● **Problem**
All records, exactly as written, minus the pictures: copy them out.
(Provided information Opens)
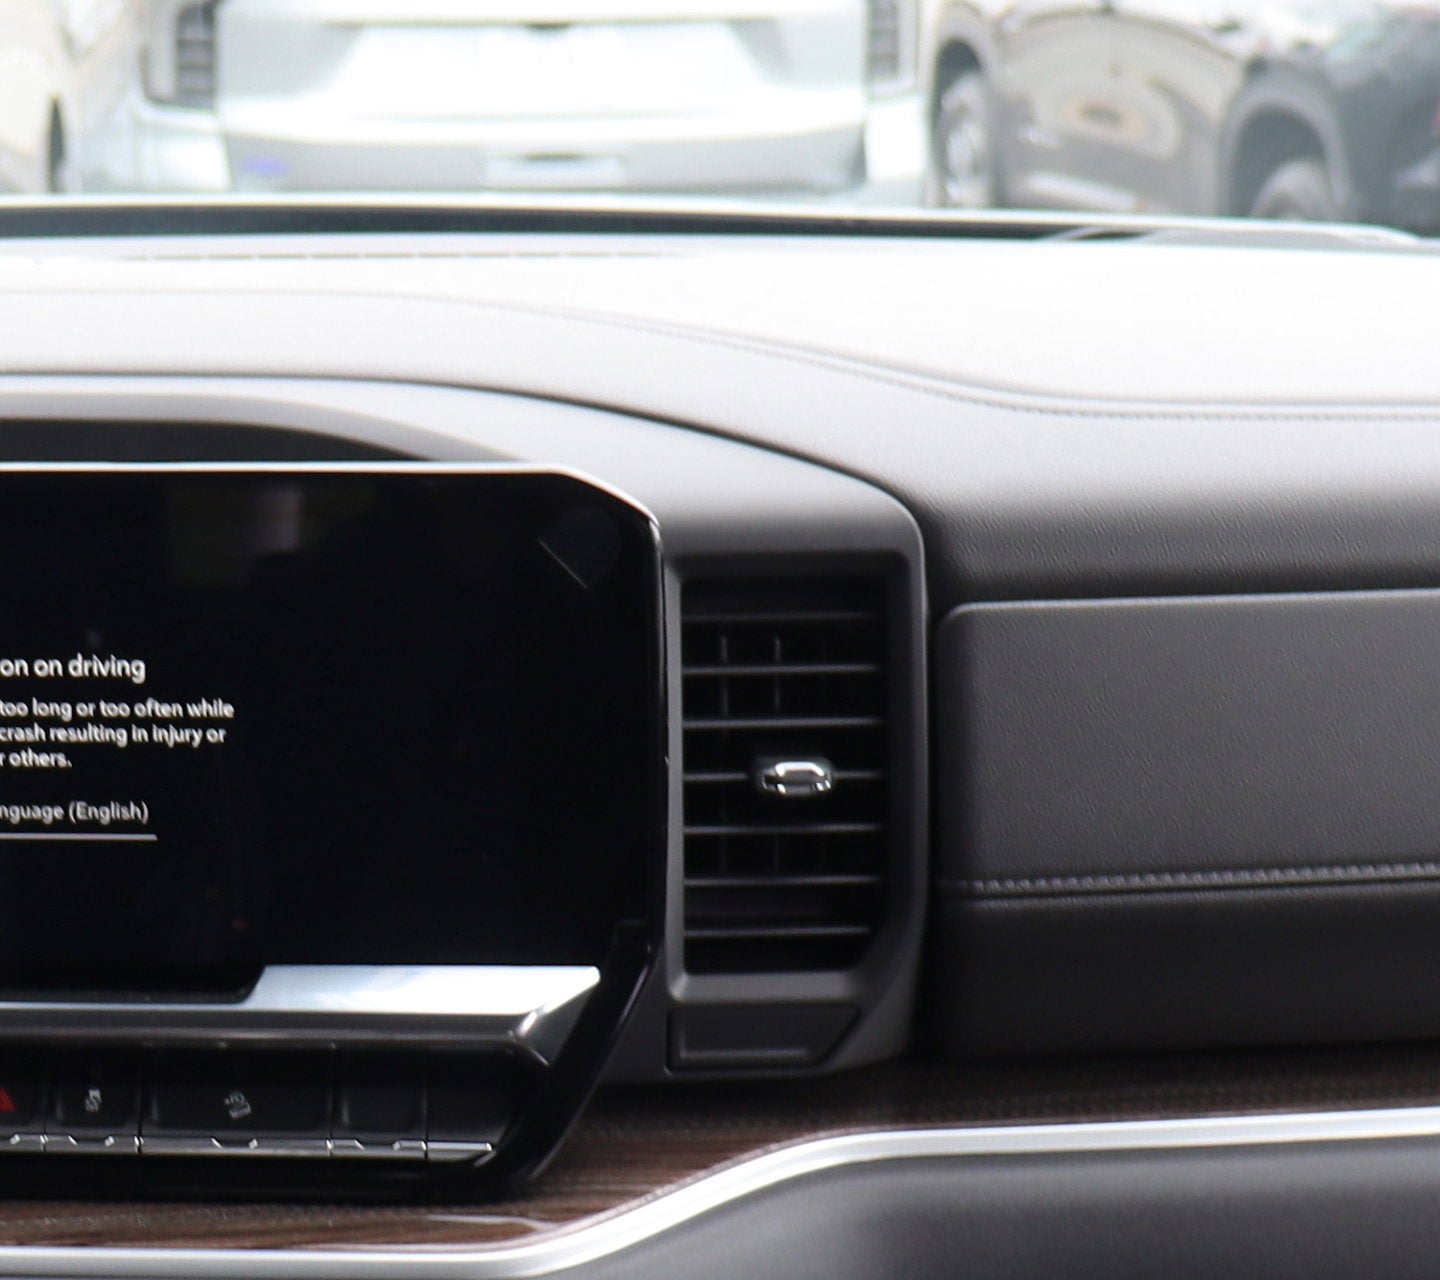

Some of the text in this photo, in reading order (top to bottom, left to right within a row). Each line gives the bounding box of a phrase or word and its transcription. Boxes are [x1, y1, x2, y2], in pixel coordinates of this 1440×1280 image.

[33, 658, 64, 677] on
[67, 652, 146, 683] driving
[32, 697, 73, 721] long
[75, 702, 97, 717] or
[99, 699, 131, 717] too
[133, 697, 184, 718] often
[186, 697, 235, 718] while
[49, 722, 128, 747] resulting
[131, 724, 149, 743] in
[152, 724, 203, 748] injury
[205, 728, 227, 743] or
[8, 747, 73, 768] others.
[68, 801, 149, 825] (English)
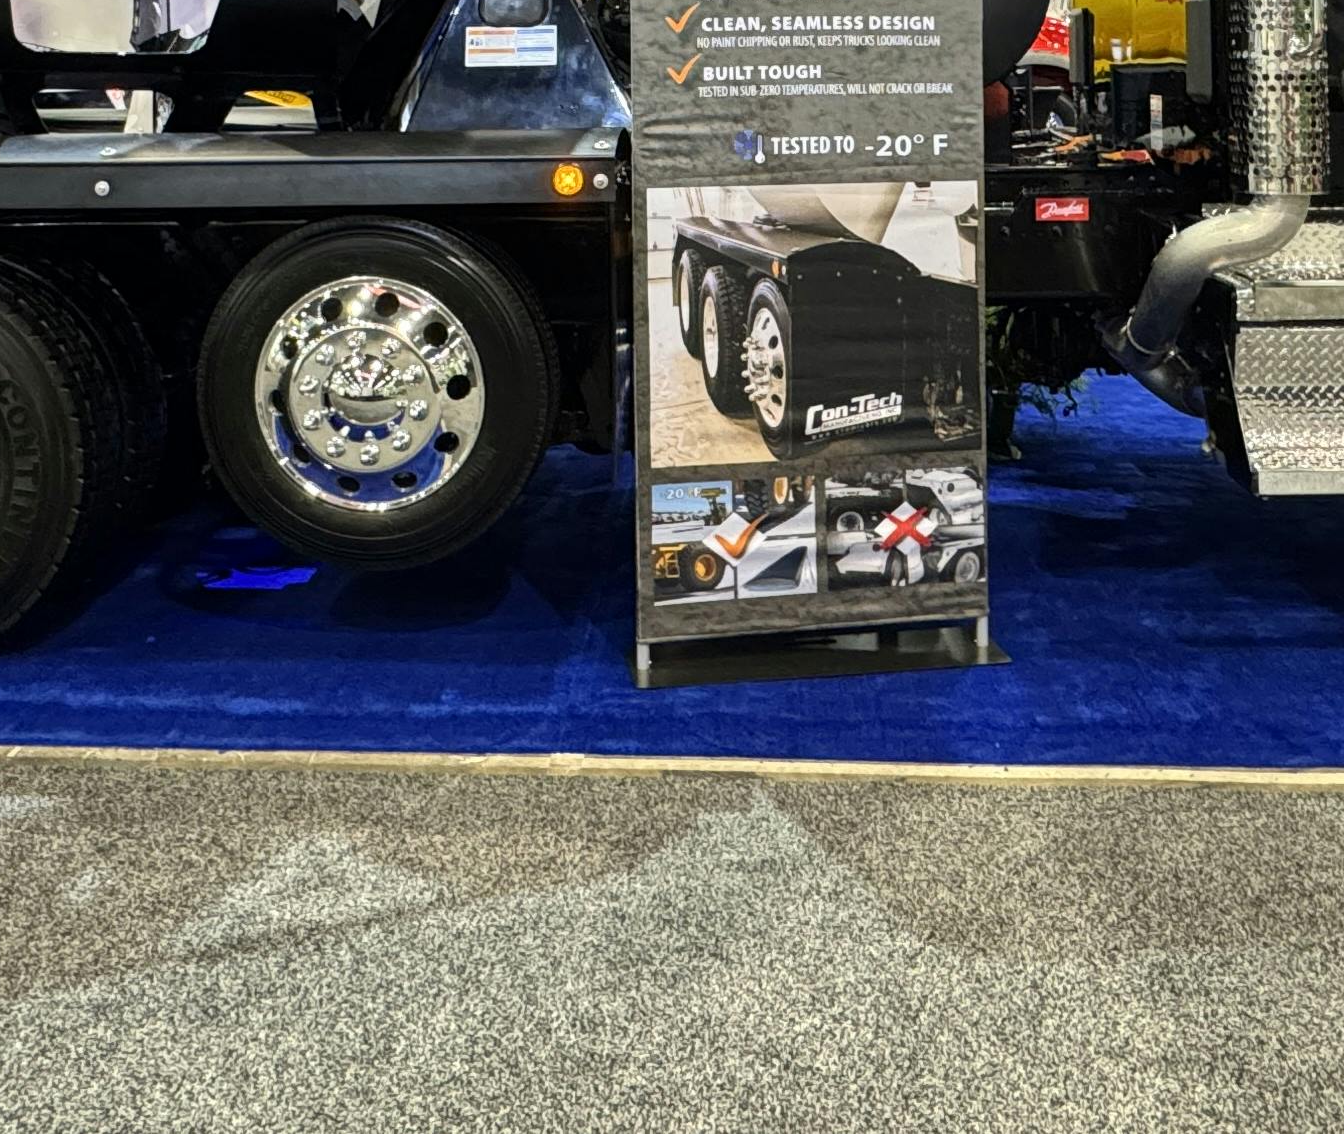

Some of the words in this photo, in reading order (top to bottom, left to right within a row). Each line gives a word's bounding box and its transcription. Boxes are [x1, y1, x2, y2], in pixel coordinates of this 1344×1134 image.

[701, 16, 767, 33] CLEAN,
[771, 16, 864, 31] SEAMLESS
[868, 16, 935, 30] DESIGN
[696, 36, 710, 49] NO
[711, 36, 736, 48] PAINT
[737, 36, 778, 48] CHIPPING
[779, 36, 791, 47] OR
[817, 36, 843, 47] KEEPS
[844, 35, 875, 46] TRUCKS
[876, 35, 913, 46] LOOKING
[913, 35, 941, 46] CLEAN
[703, 65, 755, 82] BUILT
[758, 64, 822, 80] TOUGH
[698, 86, 728, 98] TESTED
[729, 86, 739, 97] IN
[847, 84, 868, 95] WILL
[869, 83, 885, 95] NOT
[886, 83, 912, 94] CRACK
[913, 83, 925, 94] OR
[926, 83, 953, 94] BREAK
[770, 136, 831, 155] TESTED
[834, 135, 855, 154] TO
[933, 133, 949, 156] F
[805, 392, 902, 436] Con-Tech
(Provided information Closes)
● **Your response**
Some of the text in this photo, in reading order (top to bottom, left to right within a row). Each line gives the bounding box of a phrase or word and its transcription. Boxes are [x1, y1, x2, y2], in pixel coordinates of this 1440×1280 image.

[33, 658, 64, 677] on
[67, 652, 146, 683] driving
[32, 697, 73, 721] long
[75, 702, 97, 717] or
[99, 699, 131, 717] too
[133, 697, 184, 718] often
[186, 697, 235, 718] while
[49, 722, 128, 747] resulting
[131, 724, 149, 743] in
[152, 724, 203, 748] injury
[205, 728, 227, 743] or
[8, 747, 73, 768] others.
[68, 801, 149, 825] (English)

Some of the words in this photo, in reading order (top to bottom, left to right within a row). Each line gives a word's bounding box and its transcription. Boxes are [x1, y1, x2, y2], in pixel coordinates of this 1344×1134 image.

[701, 16, 767, 33] CLEAN,
[771, 16, 864, 31] SEAMLESS
[868, 16, 935, 30] DESIGN
[696, 36, 710, 49] NO
[711, 36, 736, 48] PAINT
[737, 36, 778, 48] CHIPPING
[779, 36, 791, 47] OR
[817, 36, 843, 47] KEEPS
[844, 35, 875, 46] TRUCKS
[876, 35, 913, 46] LOOKING
[913, 35, 941, 46] CLEAN
[703, 65, 755, 82] BUILT
[758, 64, 822, 80] TOUGH
[698, 86, 728, 98] TESTED
[729, 86, 739, 97] IN
[847, 84, 868, 95] WILL
[869, 83, 885, 95] NOT
[886, 83, 912, 94] CRACK
[913, 83, 925, 94] OR
[926, 83, 953, 94] BREAK
[770, 136, 831, 155] TESTED
[834, 135, 855, 154] TO
[933, 133, 949, 156] F
[805, 392, 902, 436] Con-Tech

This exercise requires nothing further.